Singapore’s DBS Group said on Monday it had completed its takeover of distressed Lakshmi Vilas Bank, helping it shift from a largely digital presence in India to having hundreds of branches.
The 94-year old Chennai-based private bank was folded into DBS’s Indian subsidiary at the request of the Reserve Bank of India which cited a serious deterioration in its finances.
Southeast Asia’s largest lender, which will pump in 25 billion rupees ($338 million) into its India unit, until recently had just over 30 branches in India but has now added more than 550 and 900-plus ATMs.

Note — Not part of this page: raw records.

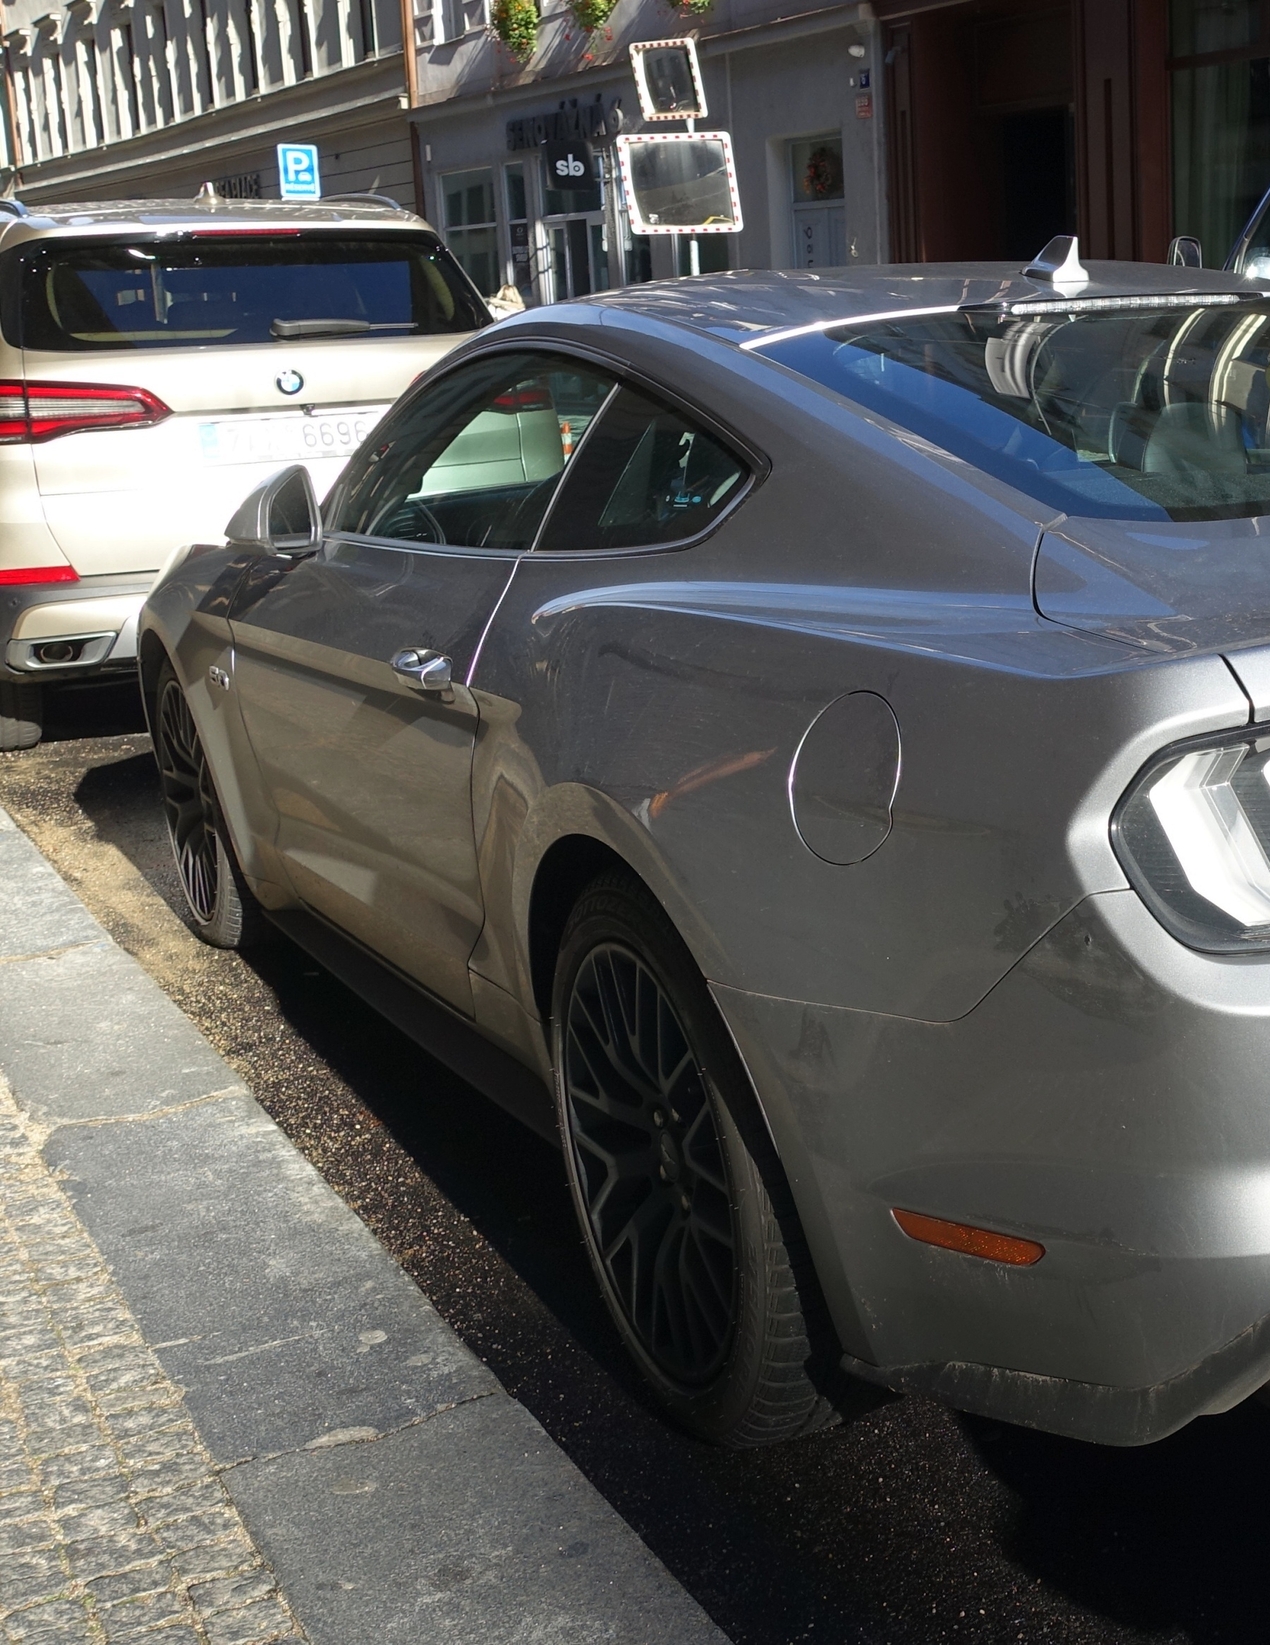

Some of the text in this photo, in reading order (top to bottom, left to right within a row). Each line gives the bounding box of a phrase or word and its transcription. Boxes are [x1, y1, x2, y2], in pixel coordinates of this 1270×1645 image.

[286, 151, 310, 181] P
[555, 153, 585, 177] sb
[302, 421, 368, 447] 6696
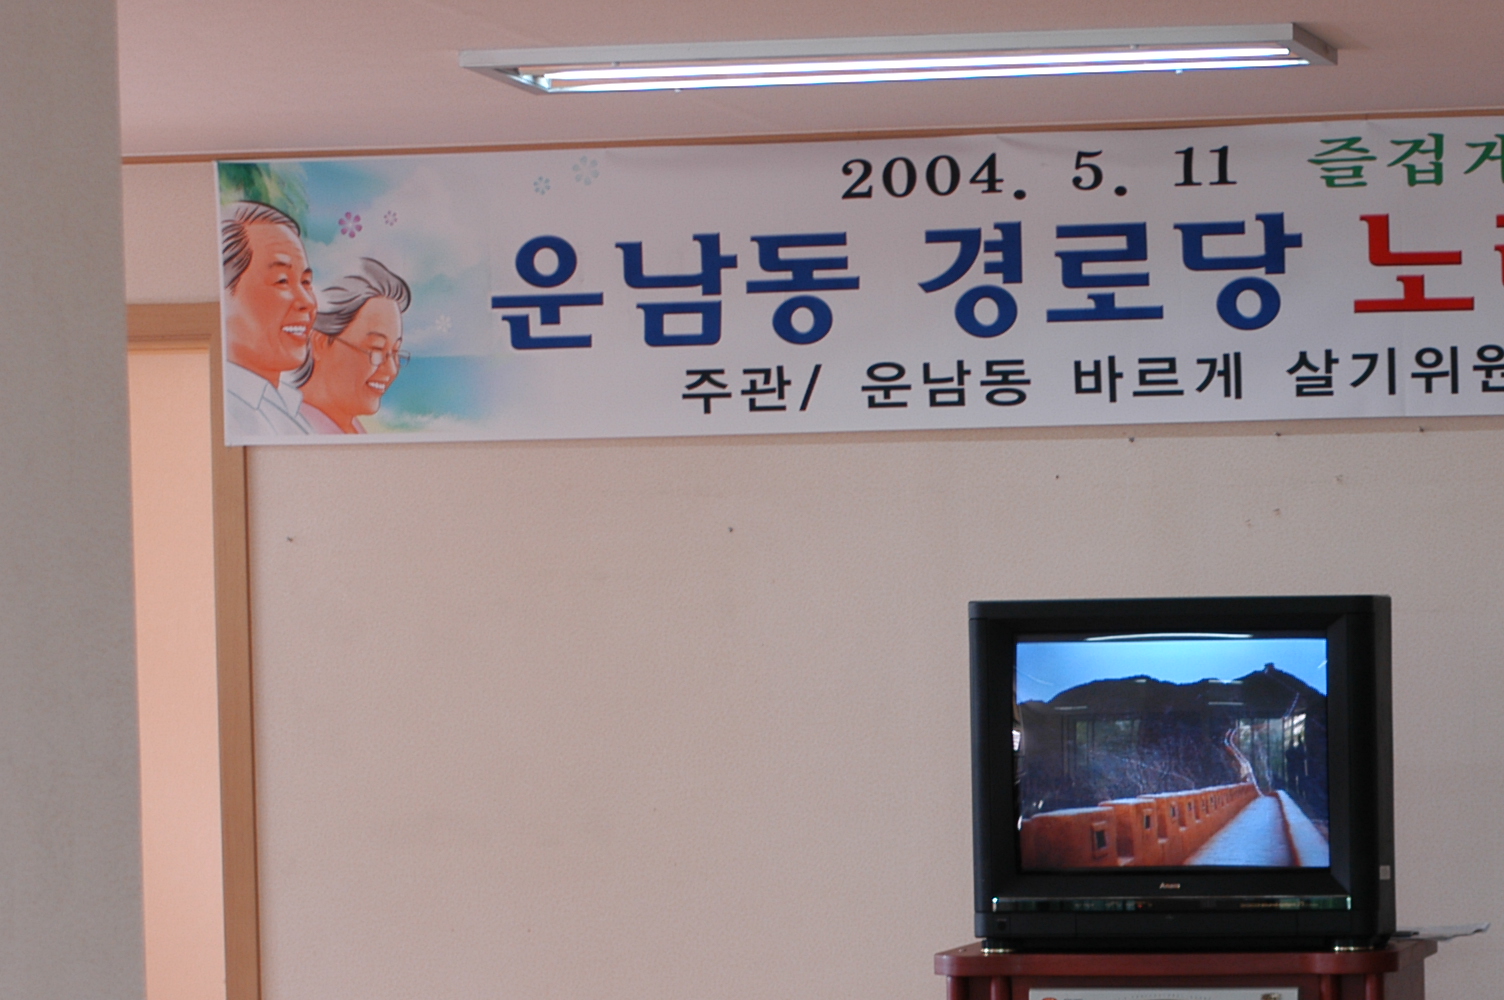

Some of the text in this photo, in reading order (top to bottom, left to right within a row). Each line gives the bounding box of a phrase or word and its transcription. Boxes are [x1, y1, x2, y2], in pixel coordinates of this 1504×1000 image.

[842, 145, 1238, 201] 2004. 5. 11
[491, 231, 861, 351] 운남동
[917, 212, 1303, 339] 경로당
[681, 364, 823, 415] 주관/
[860, 359, 1032, 409] 운남동
[1073, 352, 1243, 404] 바르게

Rebranding of LVB branches has begun and ATM screens have also been reconfigured to reflect DBS’s logo, according to a source familiar with the matter who added the exercise is likely to be completed within a week.
The source declined to be identified as the information was not public. DBS India did not immediately respond to a request seeking comment on the rebranding.
DBS confirmed it will continue to employ some 4,000 LVB staff.
The takeover has, however, not been smooth sailing for LVB bondholders, after the lender was asked by the central bank last week to completely write down Basel III-compliant tier 2 bonds worth 3.20 billion rupees.
“RBI has set a precedence with the proposed write off as it first time a Tier II bond is being written off,” said Anil Gupta, an analyst at credit rating agency ICRA.